Brothers, I've been observing the privacy track for quite a while, and there has always been a deadlock: either completely transparent (regular public chains), where data is fully exposed; or completely anonymous (like Monero), which regulators shake their heads at.

@MidnightNetwork This operation is indeed a bit cheeky—wanting privacy while being compliant, how is that possible?

The core is a dual-state ledger architecture

A network running two ledgers: a public ledger that is open for anyone to check, and a private ledger hidden with ZK proofs. Want to prove you have 100 $NIGHT without exposing your exact address? Just provide a ZK proof, and the verifier only knows '≥100', not the specific number.

How practical is this 'selective disclosure'? For example: if you want to play the on-chain game Sea Battle, you publicly register your ID, but the battleship positions are encrypted with ZK; the result of firing is privately verified, and only when the ship sinks is the win or loss revealed. Throughout the process, you don't know how the other side is positioned, but the result is indisputable.

The technical data is solid.

I checked the official browser, and the mainnet block time is stable at 6 seconds, with over 1 million blocks already produced during the testnet phase. The TPS target is designed to be 1000+, and we will see the specific data after the mainnet runs for a few months.

The most impressive part is the developer friendliness: the smart contract language is called Compact, based on TypeScript — which means you don't have to learn Solidity or touch Rust, front-end developers can jump right in. This move clearly aims to attract Ethereum developers.

The token model has some merits.

Dual token system: $NIGHT is the governance token, with a total supply of 24 billion, currently circulating about 16.6 billion. DUST is the resource coin used to pay gas fees, automatically generated by holding NIGHT, non-transferable, and decays over time. This separates 'ownership' and 'usage rights', preventing gas tokens from being speculated on while enabling private payments.

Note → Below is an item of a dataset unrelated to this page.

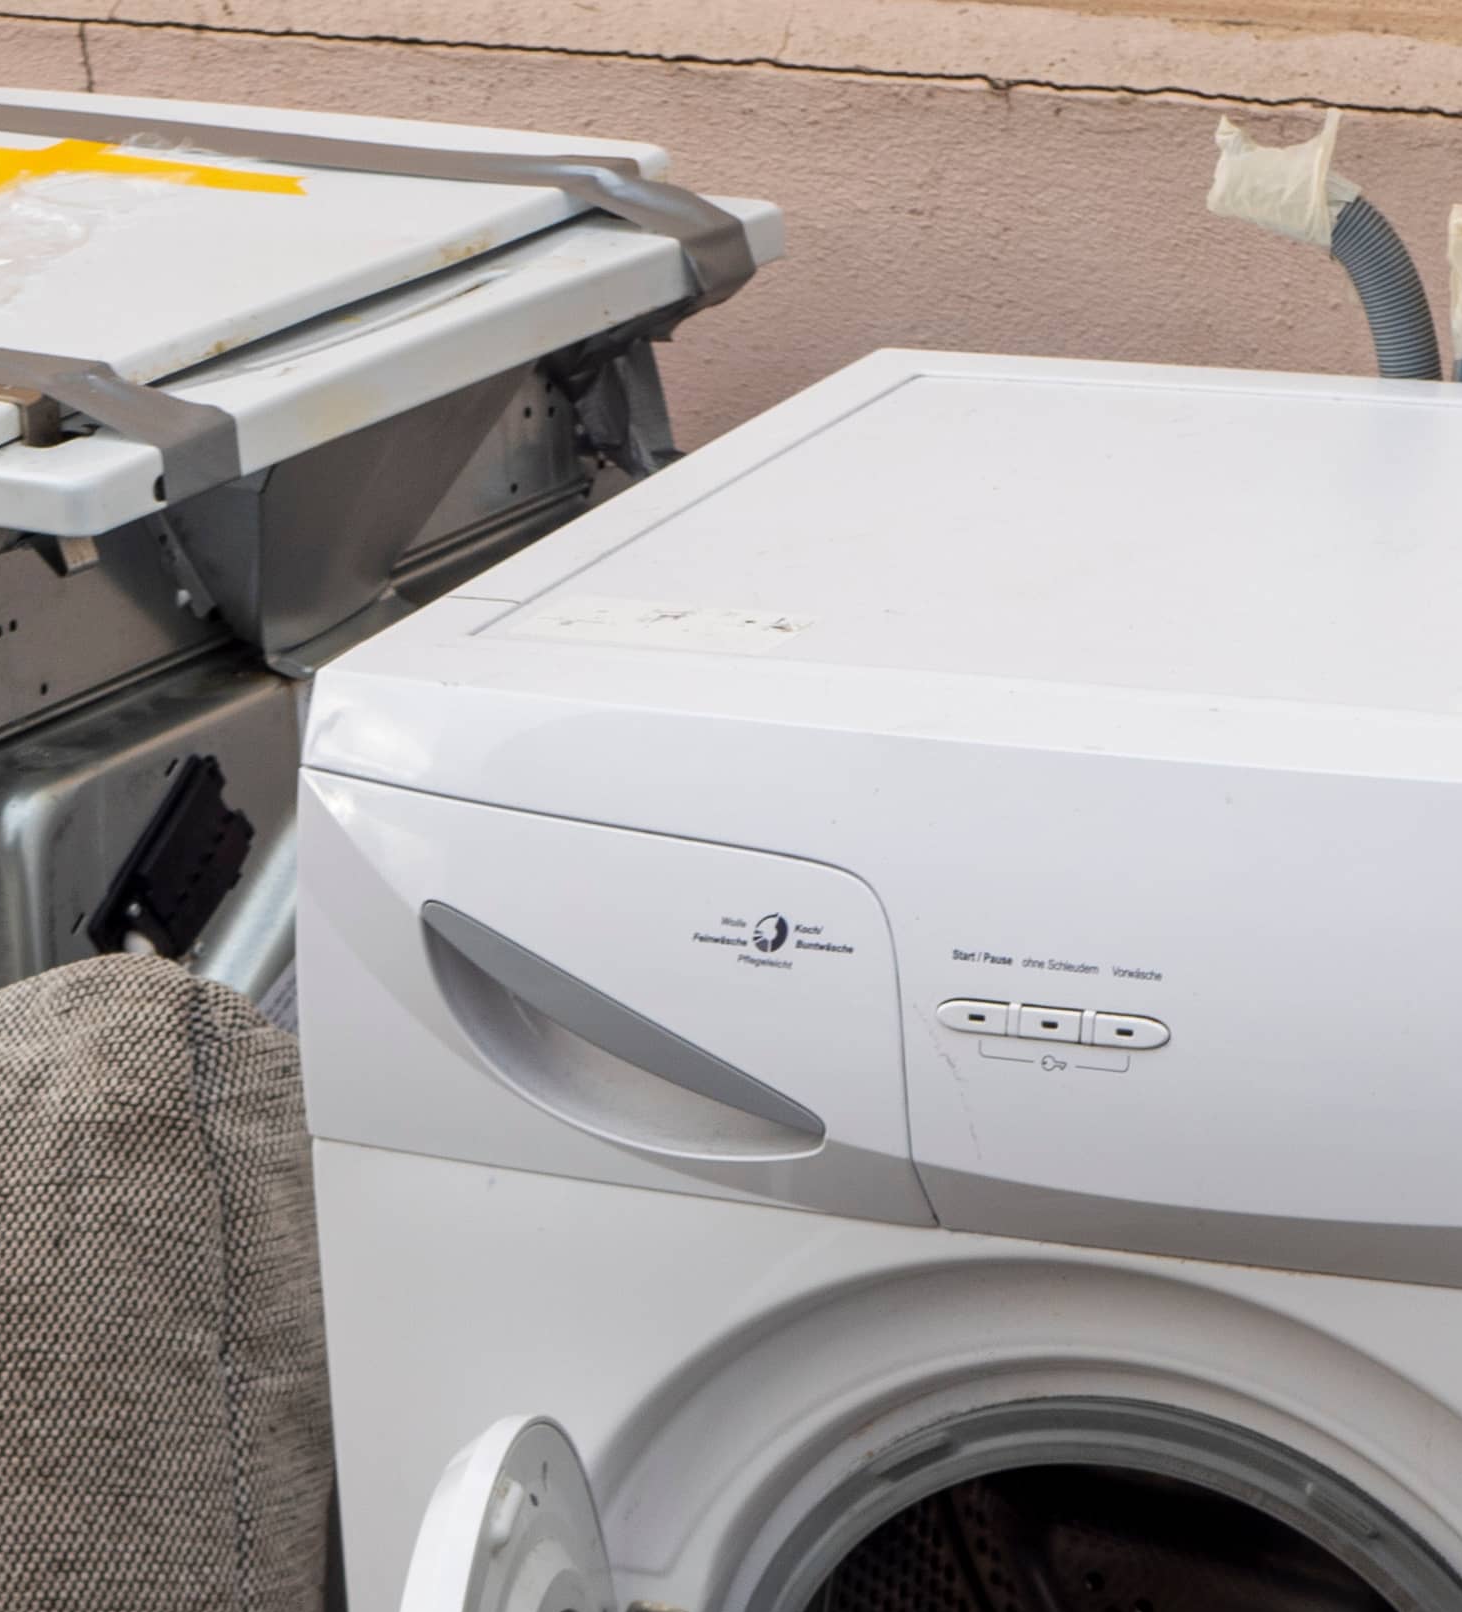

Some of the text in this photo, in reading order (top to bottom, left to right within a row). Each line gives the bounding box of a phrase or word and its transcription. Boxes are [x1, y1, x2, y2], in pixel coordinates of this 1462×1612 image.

The airdrop is generous: glacier airdrop + treasure hunt mine in two phases, covering over 8 million addresses and issuing 4.5 billion tokens. Over 800,000 qualified addresses participated, making this community foundation more genuine than many projects.

The background determines the ceiling.

Charles Hoskinson personally invested $200 million without asking for a penny from VCs. What does this mean? No investors are pressuring you to realize short-term profits, no unlocking and dumping pressure, and the roadmap can proceed at its own pace.

The roadmap is divided into four phases: Hilo (already online), Kūkolu (hybrid mainnet), Mōhalu (incentive testnet), and Hua (cross-chain interoperability). Each phase has an interval of 1-3 months, not the kind of project that promises something for five years with no results.

Finally, let’s speak plainly.

The privacy track used to be 'either you can't survive without regulation, or you can't thrive with regulation'. Midnight's approach is 'make what needs to be public public, and keep what needs to be hidden hidden' — businesses can use it (compliant auditing), DeFi can be played (private transactions), and developers can write contracts in TypeScript (without needing to learn anew).

With ZK technology as a foundation, Charles invested $200 million out of his own pocket, and there are real data from over 1 million testnet blocks. I’m in on this.